Restate all the lines below word for word, but omit the pictures.

================

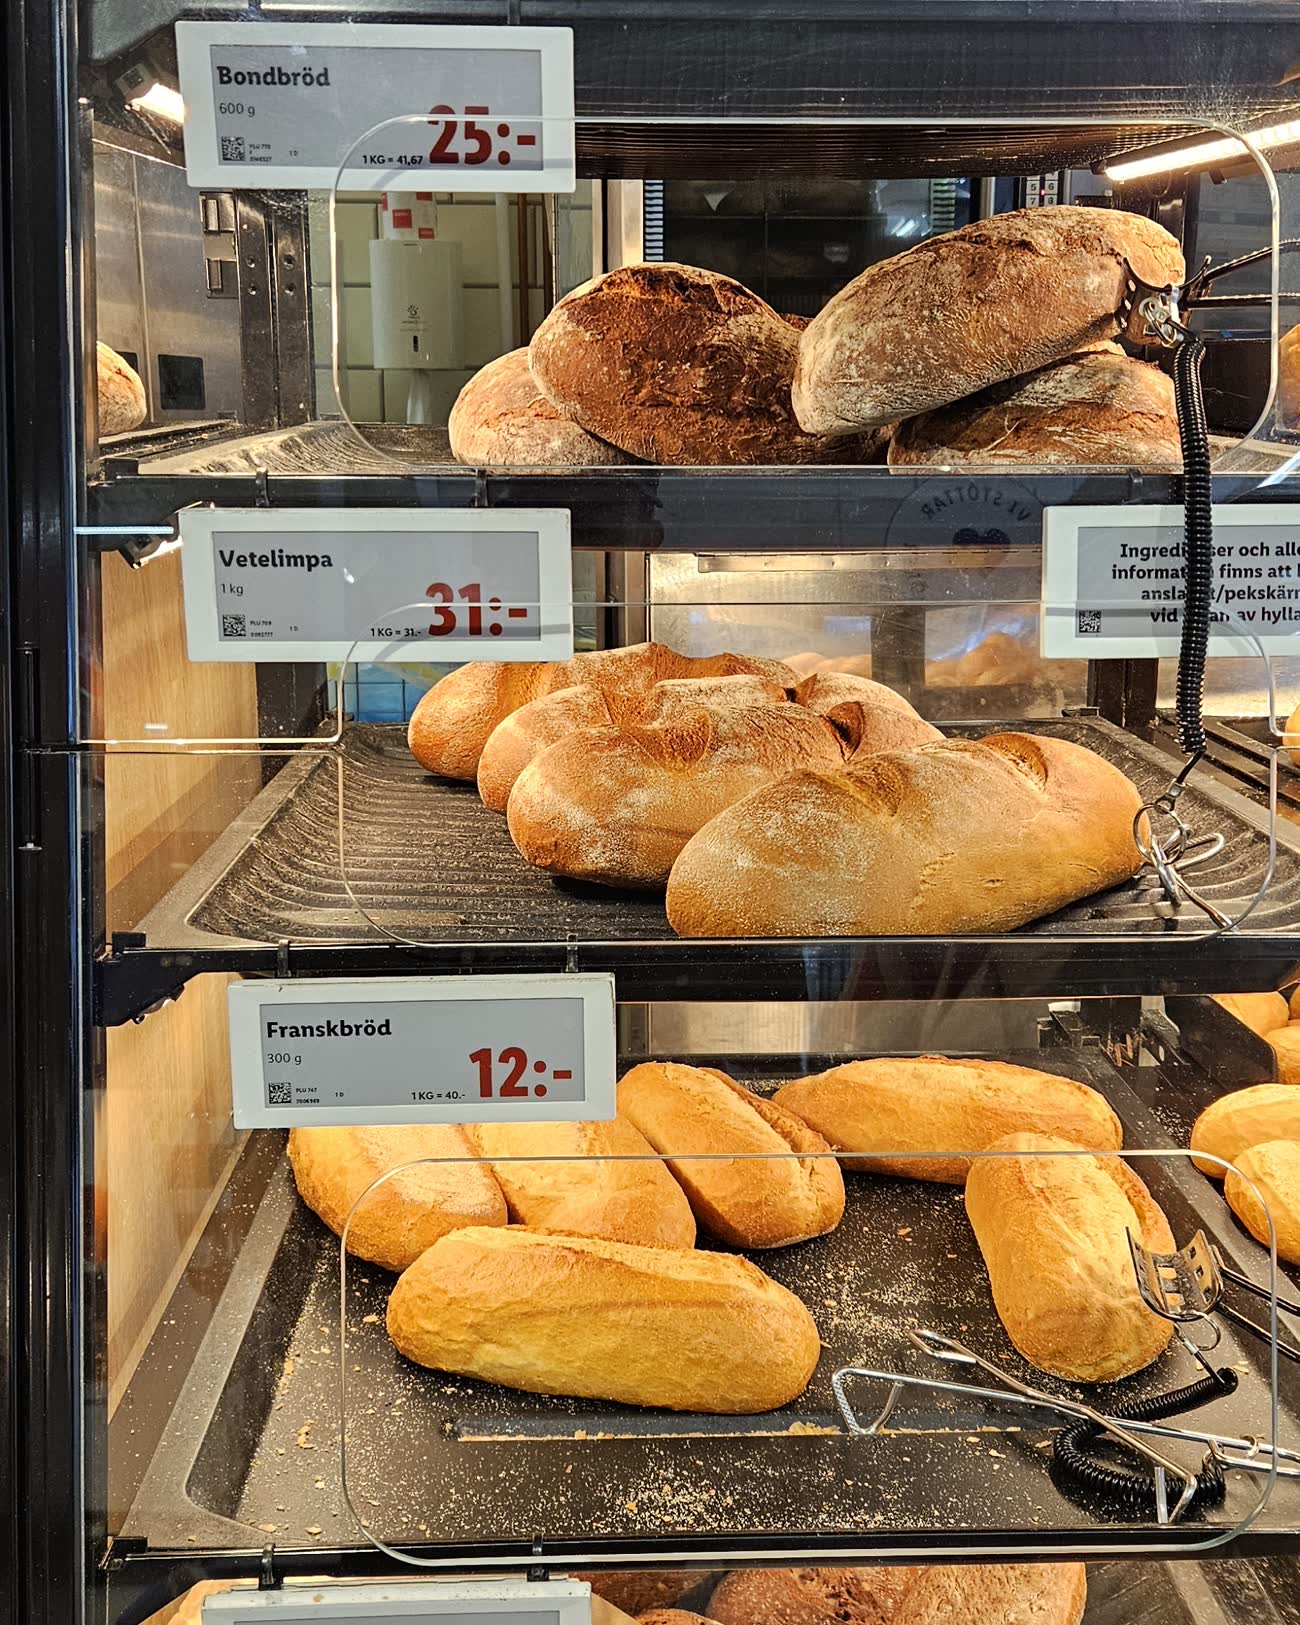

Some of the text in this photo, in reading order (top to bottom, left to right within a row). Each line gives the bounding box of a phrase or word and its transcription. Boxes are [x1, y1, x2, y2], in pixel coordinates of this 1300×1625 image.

[217, 66, 330, 86] Bondbröd
[220, 103, 256, 117] 600 g
[427, 104, 536, 165] 25:-
[362, 155, 368, 165] 1
[370, 155, 386, 165] KG
[397, 155, 423, 167] 41,67
[1030, 197, 1036, 205] 7
[1048, 196, 1053, 205] 8
[1238, 542, 1270, 557] och
[219, 549, 333, 572] Vetelimpa
[1220, 563, 1263, 578] finns
[1268, 565, 1292, 578] att
[221, 583, 244, 596] 1 kg
[425, 582, 528, 636] 31:-
[1151, 607, 1178, 622] vid
[1237, 610, 1256, 621] av
[370, 628, 375, 636] 1
[378, 628, 393, 636] KG
[404, 628, 421, 637] 31.-
[267, 1019, 392, 1038] Franskbröd
[267, 1053, 302, 1065] 300 g
[469, 1046, 572, 1097] 12:-
[411, 1092, 416, 1100] 1
[418, 1091, 434, 1100] KG
[445, 1091, 466, 1100] 40.-
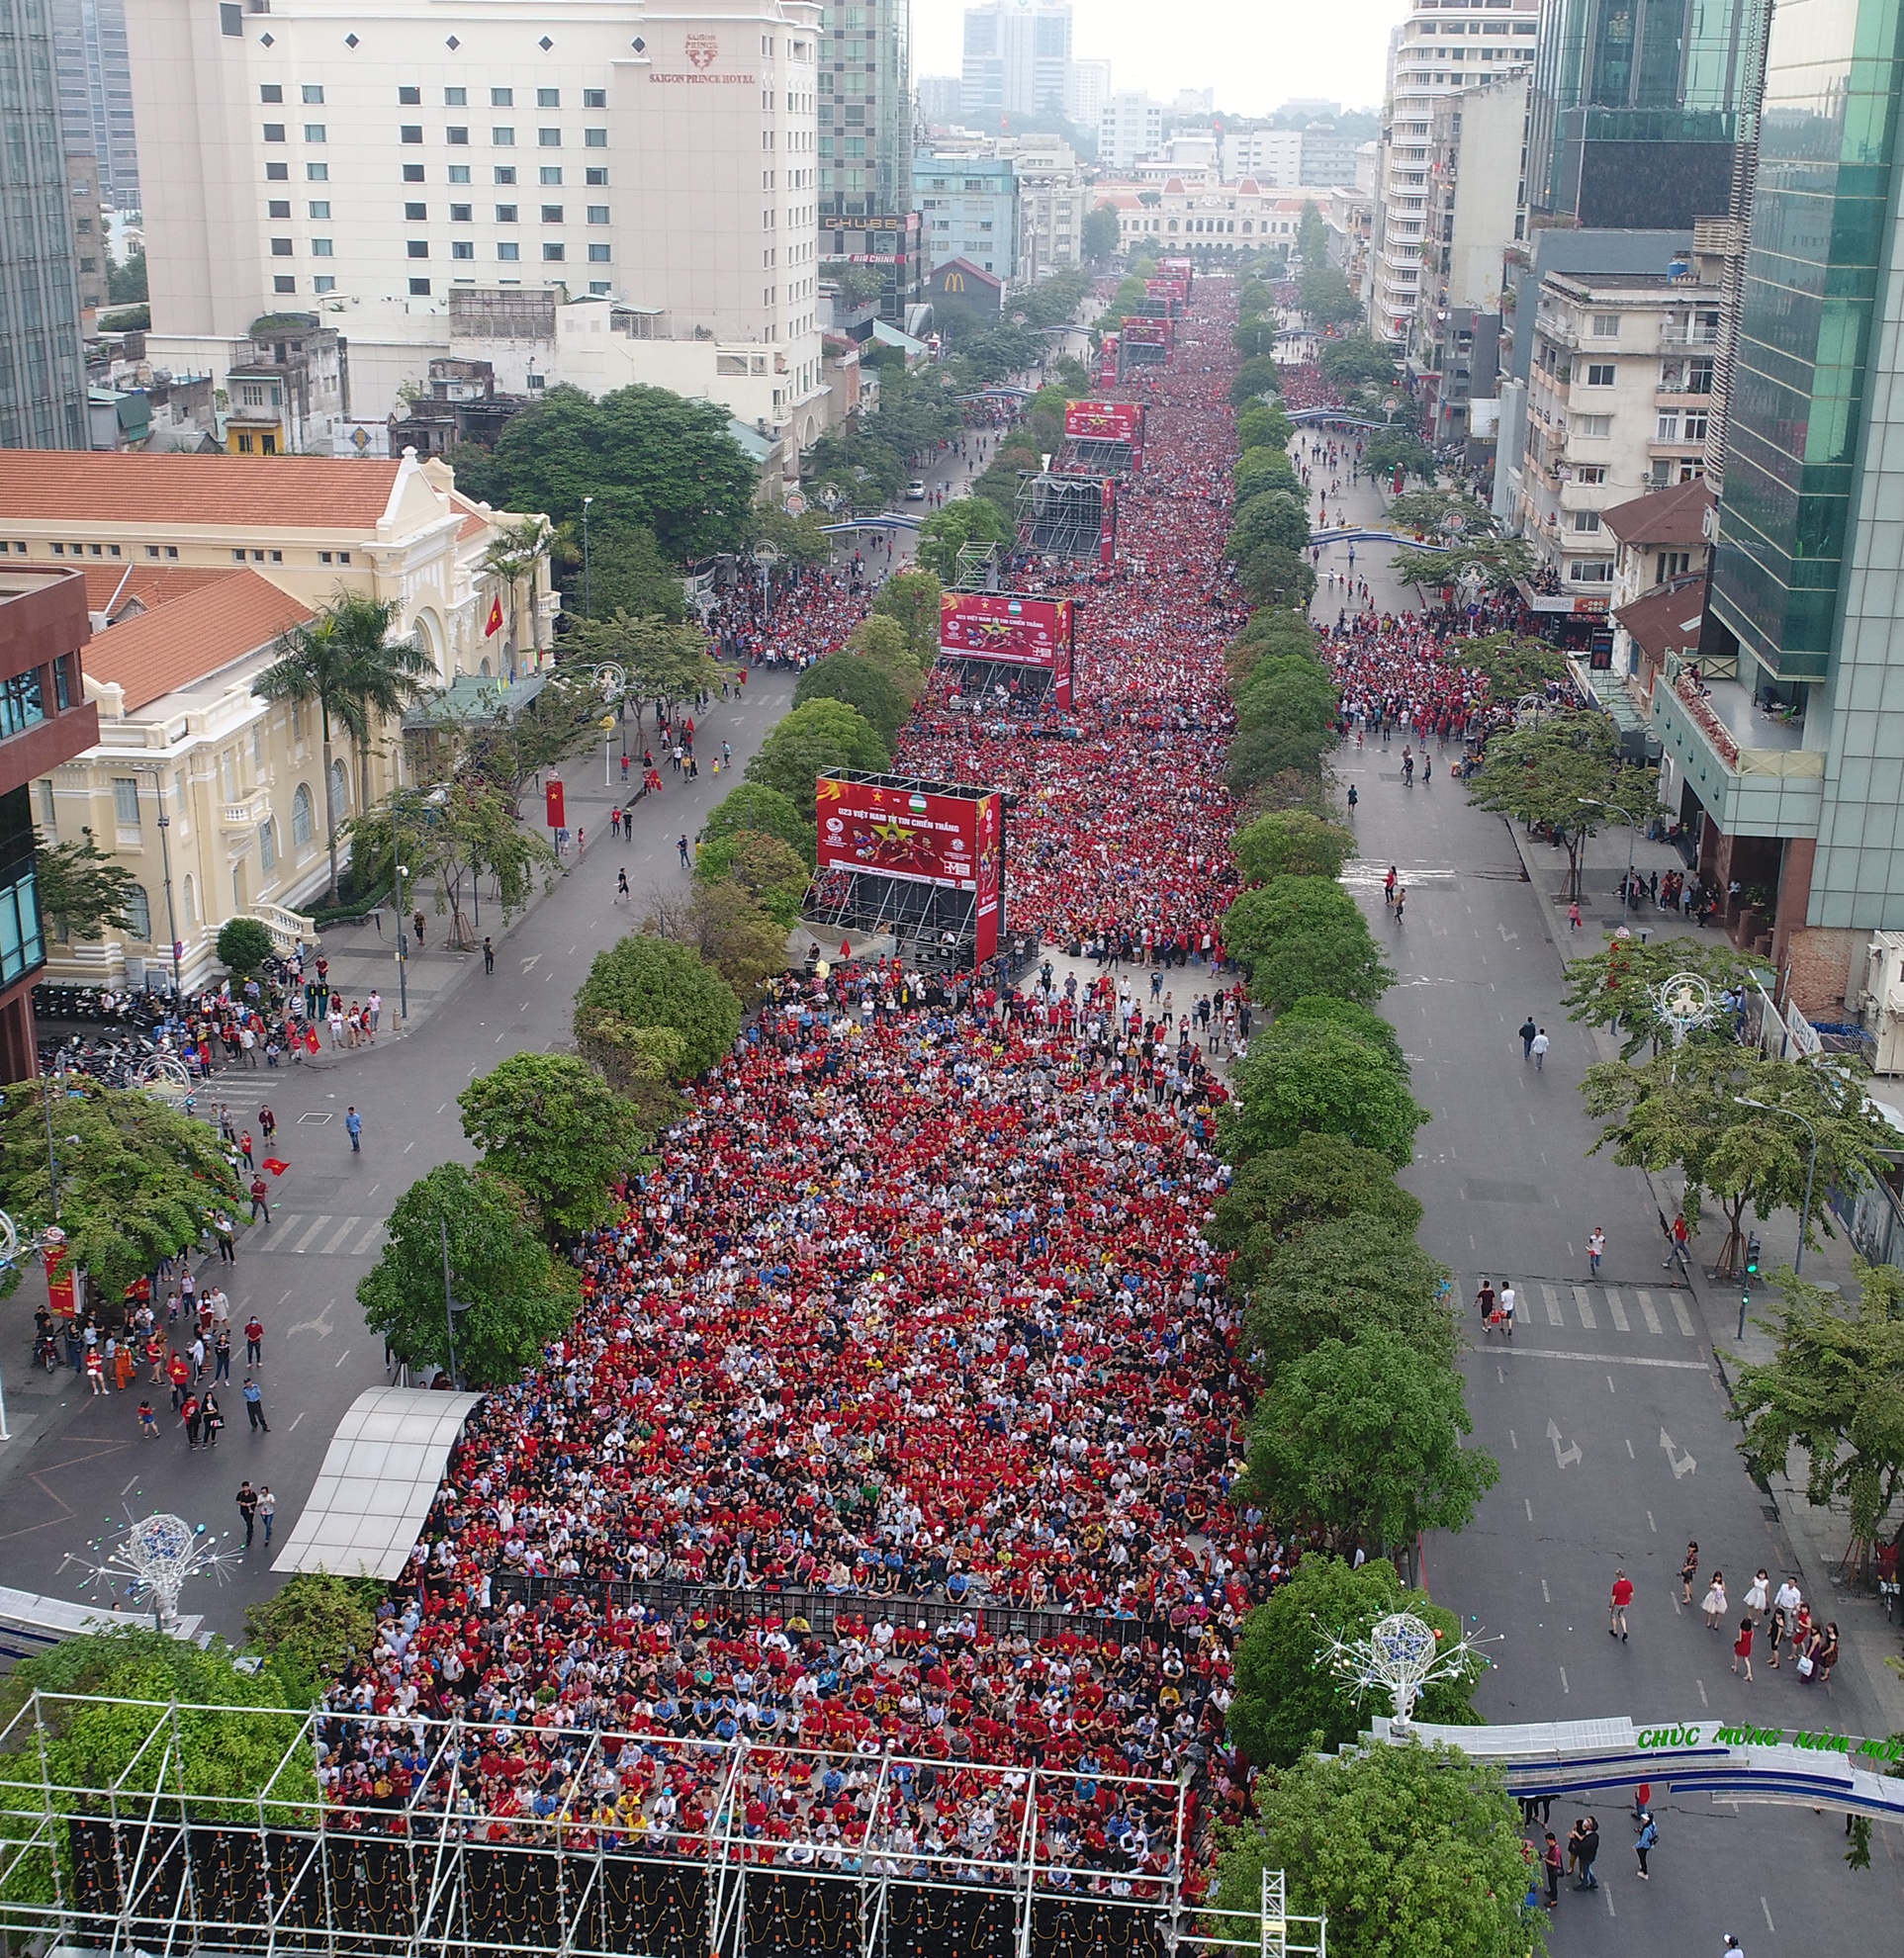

================

**Output of the task:**
Some of the text in this photo, in reading order (top to bottom, left to right within a row). Each line gives the bounding box of a phrase or word and its transcription. Boxes are [x1, y1, x2, y2], in pixel coordinates of this 1300×1625 image.

[217, 66, 330, 86] Bondbröd
[220, 103, 256, 117] 600 g
[427, 104, 536, 165] 25:-
[362, 155, 368, 165] 1
[370, 155, 386, 165] KG
[397, 155, 423, 167] 41,67
[1030, 197, 1036, 205] 7
[1048, 196, 1053, 205] 8
[1238, 542, 1270, 557] och
[219, 549, 333, 572] Vetelimpa
[1220, 563, 1263, 578] finns
[1268, 565, 1292, 578] att
[221, 583, 244, 596] 1 kg
[425, 582, 528, 636] 31:-
[1151, 607, 1178, 622] vid
[1237, 610, 1256, 621] av
[370, 628, 375, 636] 1
[378, 628, 393, 636] KG
[404, 628, 421, 637] 31.-
[267, 1019, 392, 1038] Franskbröd
[267, 1053, 302, 1065] 300 g
[469, 1046, 572, 1097] 12:-
[411, 1092, 416, 1100] 1
[418, 1091, 434, 1100] KG
[445, 1091, 466, 1100] 40.-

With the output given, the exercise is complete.